SNPs occur normally throughout a person’s DNA. They occur once in every 300 nucleotides on average, which means there are roughly 10 million SNPs in the human genome.

This would imply once sequencing machines get better than 1 error in 300 sequenced bases, your fears might be correct, but there's two confounding issues.

The first is that the NIH's numbers are generated by taking 3 billion bases in a genome and dividing it by all 10 million SNPs in dbSNP (there's 13million now). This is a really stupid way of measuring SNPs, because not everyone has every single SNP, a lot of dbSNP entries are copies of each other represented in a different way, and even more are probably sequencing errors themselves. SNPs aren't randomly distributed either, so statistics like this are totally pointless regardless. In whole genome sequencing, i doubt you even get 100,000 variants. That puts the SNP rate per person at i guess 1 in 30000bp, which is several orders of magnitude lower than what Illumina can currently pull off in sequencing error.

The second is that, although to my knowledge BQSR does not do this, common true/annotated SNPs can be identified and excluded from BQSR quite easily. Certainly, if sequencing becomes better quality, and the noise of mis-sequenced bases drops, identifying SNPs will be easier and so BQSR should become more robust. It's an optimisation problem since you're calling SNPs to change the data to call more SNPs, but it should dramatically reduce false-negatives.

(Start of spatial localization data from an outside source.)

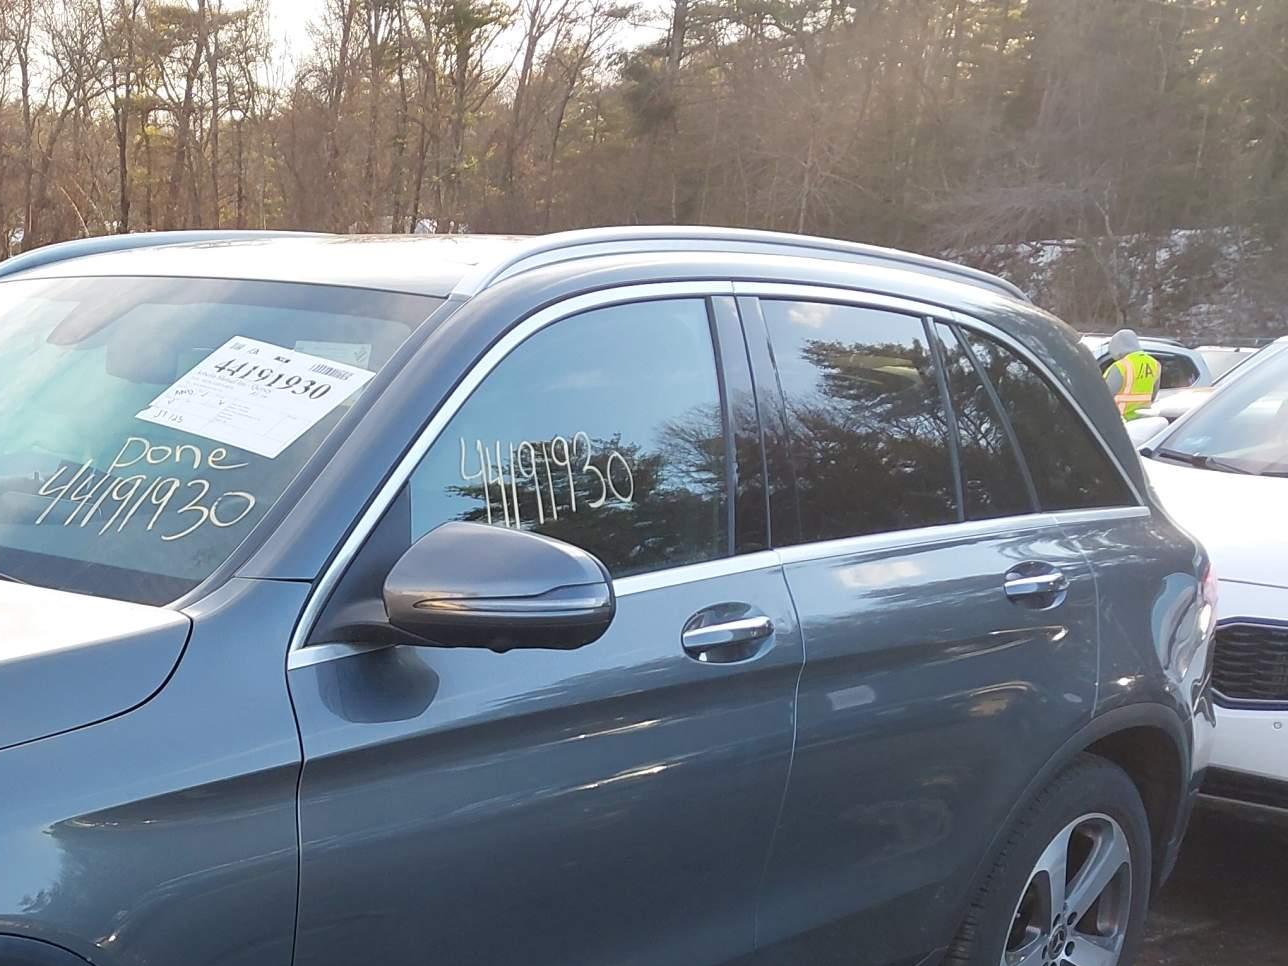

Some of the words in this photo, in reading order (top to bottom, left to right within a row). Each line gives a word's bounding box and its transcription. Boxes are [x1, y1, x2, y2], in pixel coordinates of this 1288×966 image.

[214, 358, 332, 400] 44191930
[107, 436, 249, 475] Done
[459, 431, 634, 530] 44191930
[35, 458, 256, 541] 44191930
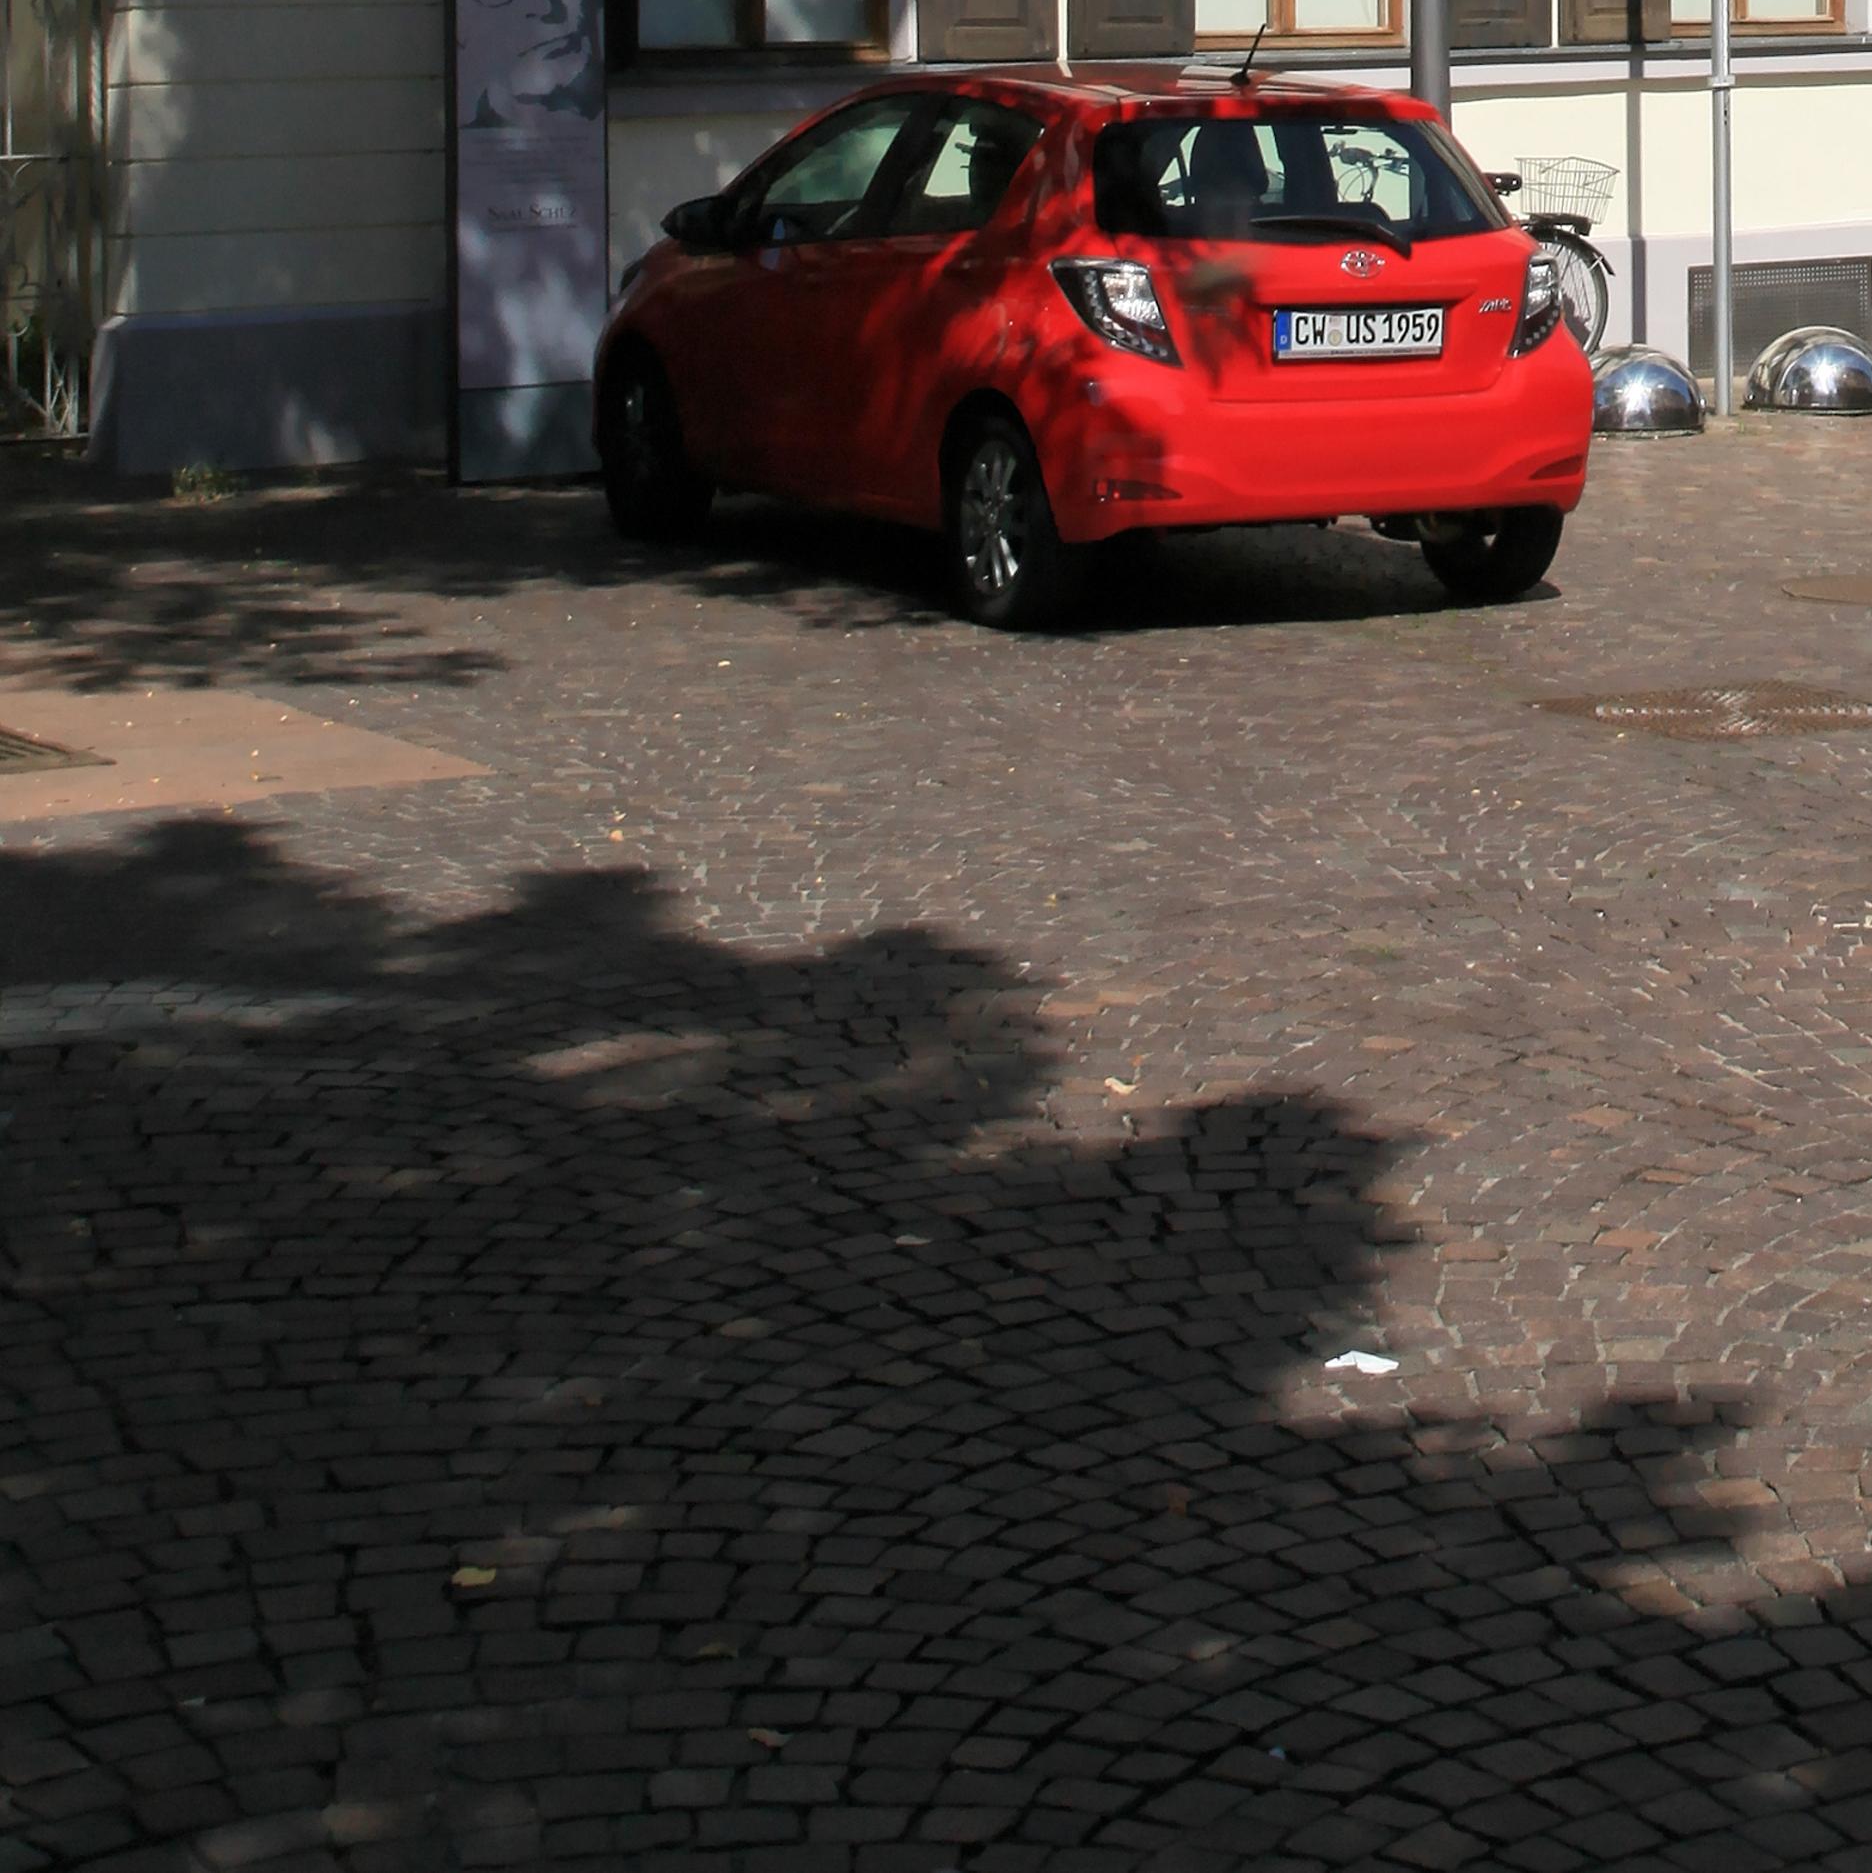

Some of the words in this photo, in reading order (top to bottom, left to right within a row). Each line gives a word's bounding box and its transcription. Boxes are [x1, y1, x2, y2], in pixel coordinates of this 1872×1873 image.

[1295, 315, 1326, 345] CW
[1346, 314, 1376, 344] US
[1382, 313, 1440, 344] 1959
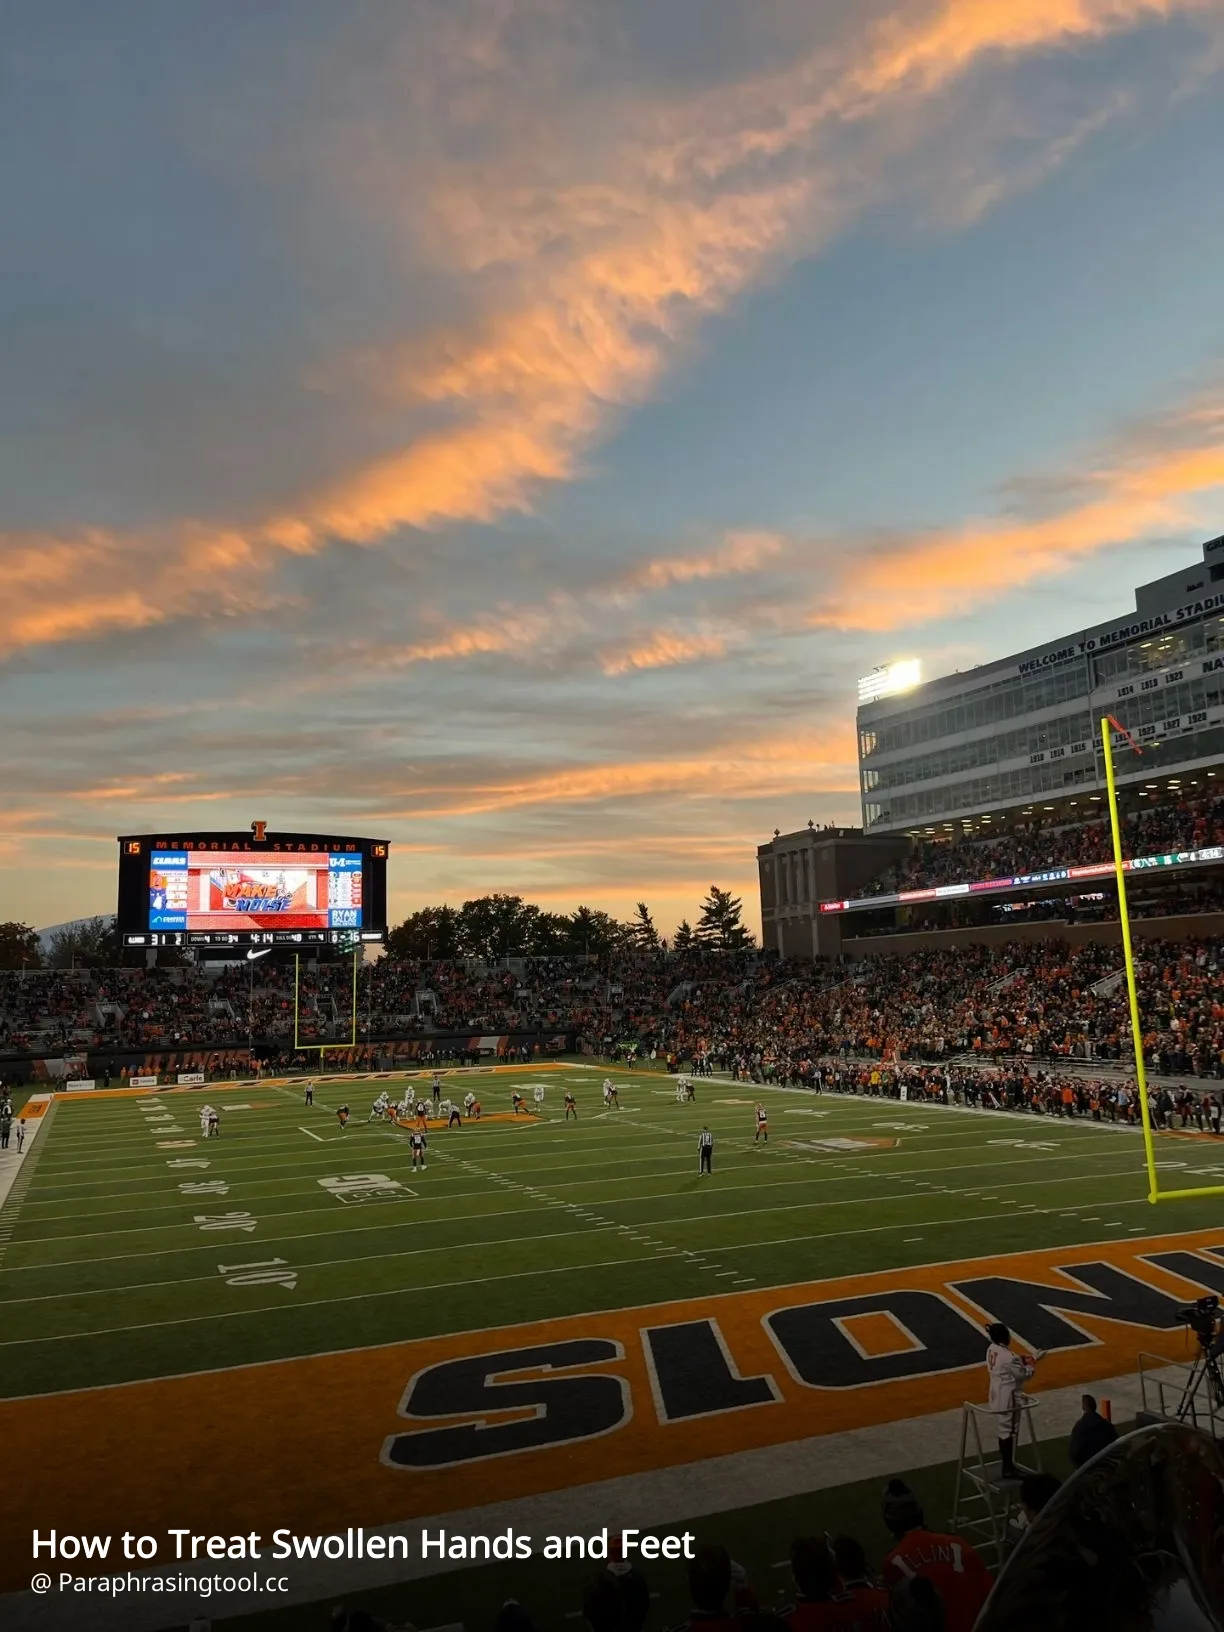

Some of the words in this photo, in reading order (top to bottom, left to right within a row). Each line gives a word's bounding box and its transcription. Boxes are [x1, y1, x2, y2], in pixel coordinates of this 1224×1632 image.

[1018, 646, 1075, 673] WELCOME
[1078, 640, 1096, 652] TO
[1100, 613, 1172, 646] MEMORIAL
[128, 842, 140, 853] 15
[155, 841, 252, 850] MEMORIAL
[273, 843, 357, 852] STADIUM
[375, 846, 386, 856] 15
[222, 883, 278, 898] MAKE
[236, 896, 291, 912] NOISE
[250, 933, 274, 944] 4:14
[193, 1211, 258, 1231] 20
[217, 1257, 298, 1287] 10
[891, 1542, 964, 1581] ILLINI
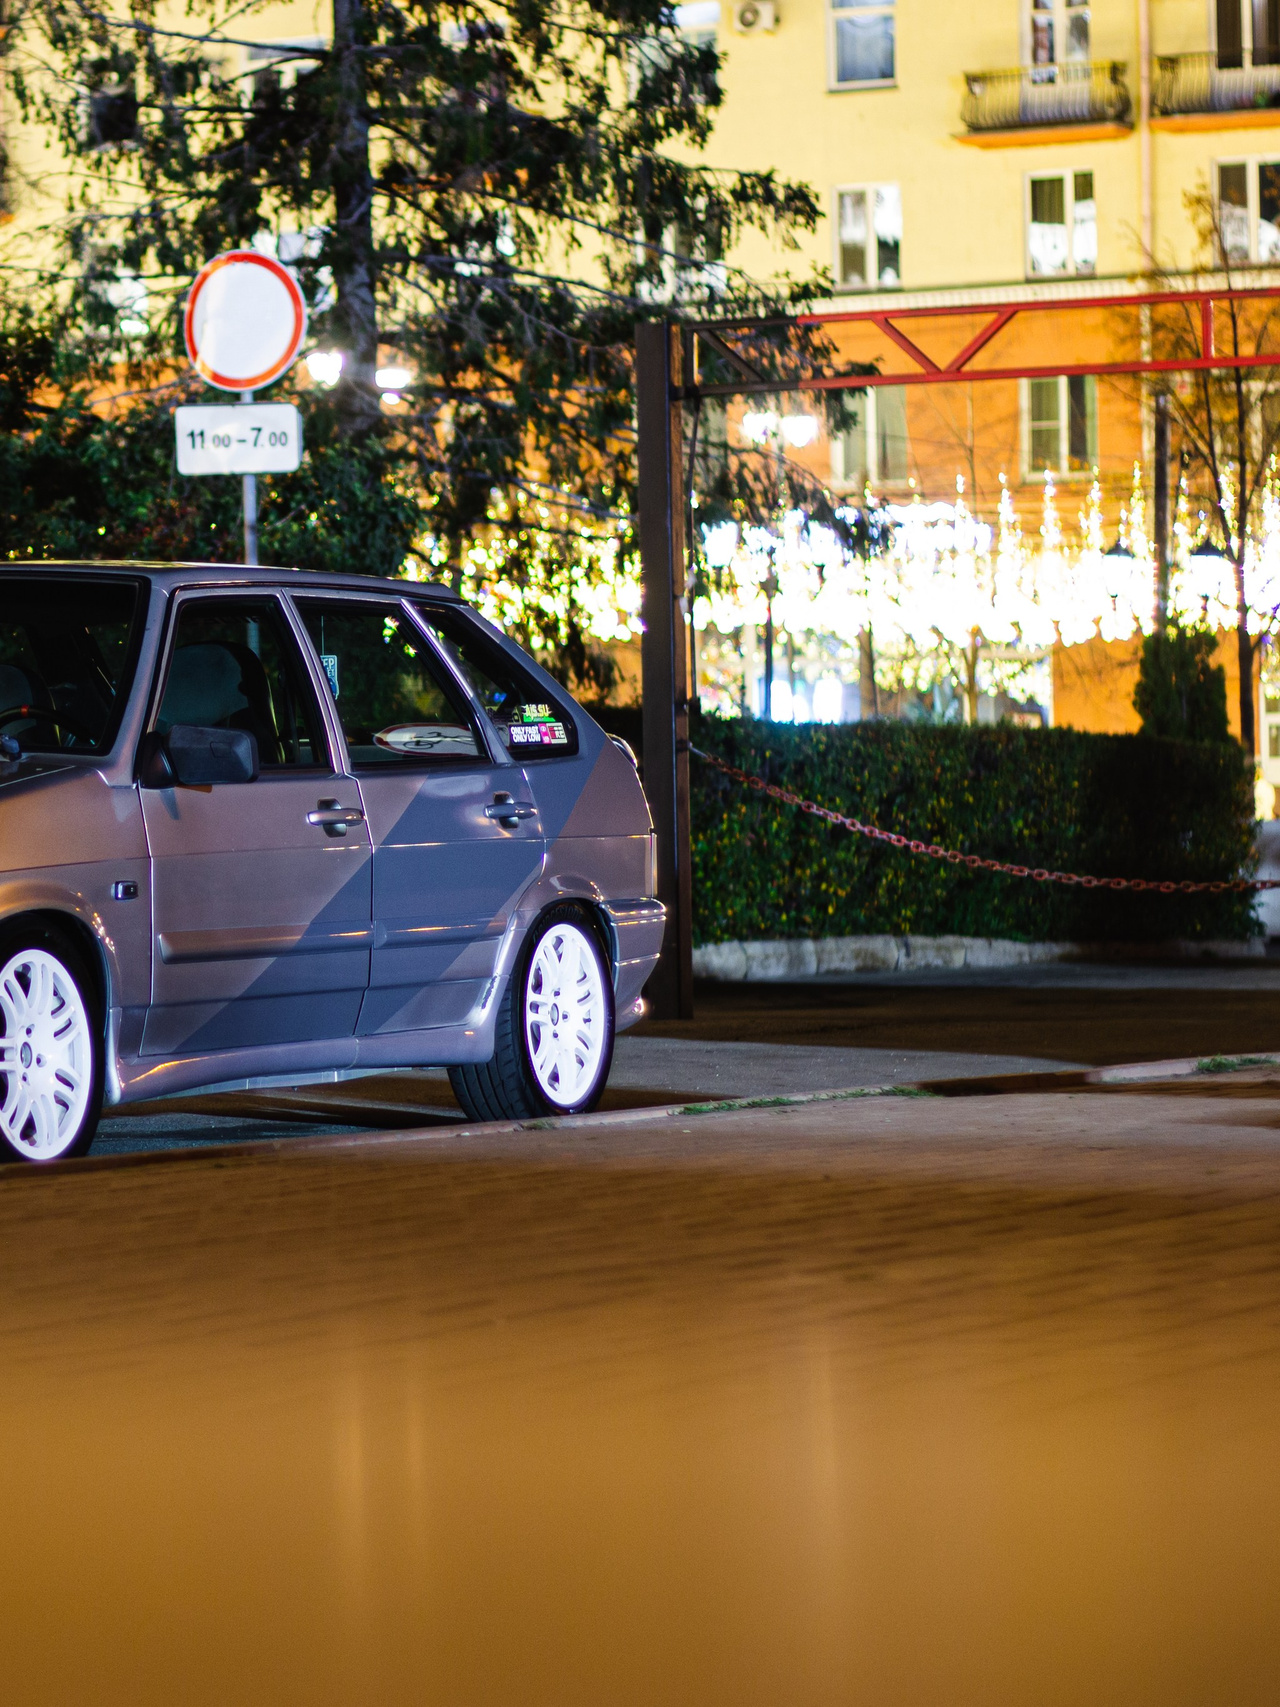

But i agree that as of right now that doesn't happen, so it's a moot point. My feelings on BQSR is that it's a technique that makes the data better, so why not use it. I'll never understand why some practitioners of Bioinformatics will on the one hand complain about the poor quality of public datasets, then in the same breath say BQSR and indel realignment is a waste of time. Certainly, there are situations where you're not publishing the data and your not SNP calling, but still, even for ChIP-Seq signal extraction stuff, i don't see the downside. (note i'm not saying this is you dariober, i'm just venting :P)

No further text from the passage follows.